Digby sat back in his chair, physically and mentally exhausted but strangely exhilarated after another grueling day.

By the time he was born, the pioneering days of terraforming new planets and mass migration were long gone and almost forgotten. But now, seeing the promise a brand-new planet offered, he understood for the first time the excitement and vision that had driven millions of Earth’s people to look for a new beginning hundreds of light-years from home.

In front of him, the holovid showed Eternity in all its primal glory as it passed below the orbiting Myosan. Its atmosphere was the characteristic cobalt blue of all methane/ nitrogen/carbon dioxide worlds, interrupted here and there by smeared orange-brown-gray stains of high-altitude photosynthetic methane smog shot through with dark streaks of hydrogen cyanide and other exotic organic compounds, all the product of the intense ultraviolet flux that flayed Eternity’s upper atmosphere. Where clouds and methane smog permitted, Digby could see the planet’s surface, a mass of blues and browns of every shade imaginable; to the south, a mass of swirling blue-whites and grays wrapped around a black core announced the arrival of yet another huge frontal weather system coming in off the ocean to dump its load of rain onto the raw and scoured rocks that made up Eternity’s surface.

But after a lifetime orbiting the inhabited planets that made up the Hammer Worlds, Digby found it unsettling to see not even the tiniest speck of green.

That would change, Digby thought, wondering not for the first time at the extraordinary progress the Feds’ technology had allowed them to make. If he hadn’t seen it with his own eyes, he never would have believed the speed with which the former passengers of the Mumtaz were building Eternity Base, though he had to admit that if it were not for the AIs that managed and directed the entire process, progress would have been very slow. He thanked Kraa DocSec was not there to see the AI abominations at work, but it wasn’t, and what DocSec didn’t know wasn’t going to hurt him.

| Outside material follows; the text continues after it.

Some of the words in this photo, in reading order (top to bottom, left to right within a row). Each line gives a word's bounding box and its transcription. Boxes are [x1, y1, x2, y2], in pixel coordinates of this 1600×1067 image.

The first day had been the worst; getting the first lander down safely onto a planet without a decent runway and no precision navaids was always an interesting exercise. But the ex-convict pilot had done a beautiful job, encouraged, no doubt, Digby thought cynically, by the considerable incentives he had not to fail.

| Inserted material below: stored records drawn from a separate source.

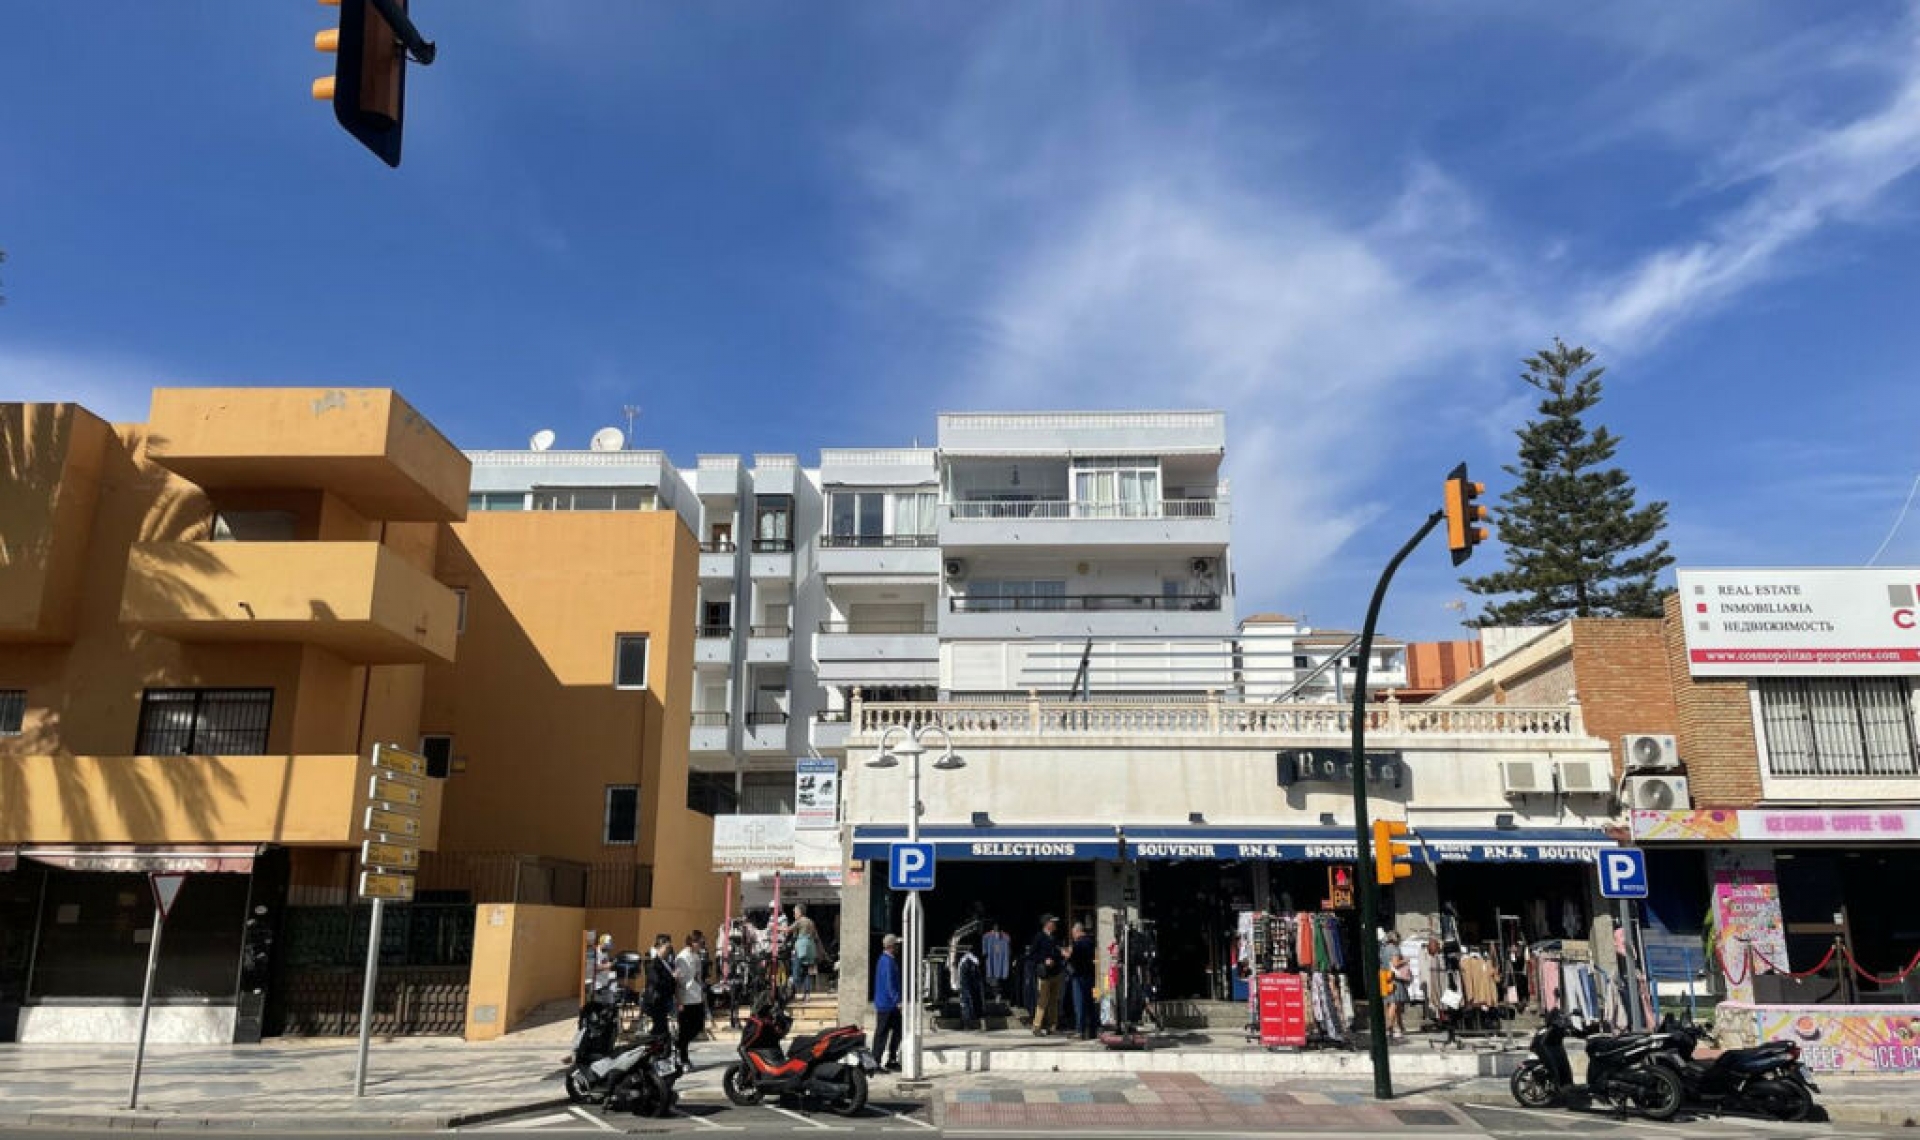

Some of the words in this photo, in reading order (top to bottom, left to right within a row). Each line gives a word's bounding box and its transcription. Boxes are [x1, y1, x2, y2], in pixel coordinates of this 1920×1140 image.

[1717, 585, 1752, 595] REAL
[1756, 585, 1801, 595] ESTATE
[1720, 603, 1813, 614] INMOBILIARIA
[1723, 621, 1834, 632] НЕДВИЖИМОСТЬ
[1705, 650, 1900, 663] www.cosmopolitan-properties.com
[971, 843, 1075, 856] SELECTIONS
[1137, 844, 1215, 857] SOUVENIR
[899, 848, 925, 883] P
[1607, 854, 1636, 891] P

To minimize weight, the lander had been stripped nearly bare, its only cargo a one-man survey team and two laser rock cutters together with their integral microfusion power plants and their two-man crews. After a series of careful low-speed fly-bys to confirm that he hadn’t been given a swamp to land on, the pilot had put the massive machine down nearly vertically. Digby had watched with his heart in his mouth as the huge flier had touched down amid huge clouds of sand and gravel thrown up and out by belly-mounted hover control mass drivers firing vertically downward.

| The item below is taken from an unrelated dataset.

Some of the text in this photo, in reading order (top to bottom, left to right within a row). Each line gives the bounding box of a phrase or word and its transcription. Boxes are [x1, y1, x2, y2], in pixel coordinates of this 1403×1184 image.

Within days and thanks largely to the brutal power of the Feds’ massive laser rock cutters, Eternity was the proud owner of a fully serviceable spaceport, with a single vitrified runway, laser cut out of the living rock and capable of withstanding the huge shock of a fully loaded lander putting down, complete with a milled antiskid surface, a microwave precision landing system, runway lights, crude storm drains, and a small plasfiber shed housing the air traffic control team. From that moment on, the flow of materials dirtside had never stopped as night and day heavily loaded landers thumped down to be unloaded quickly and then sent back into orbit for the next shipment.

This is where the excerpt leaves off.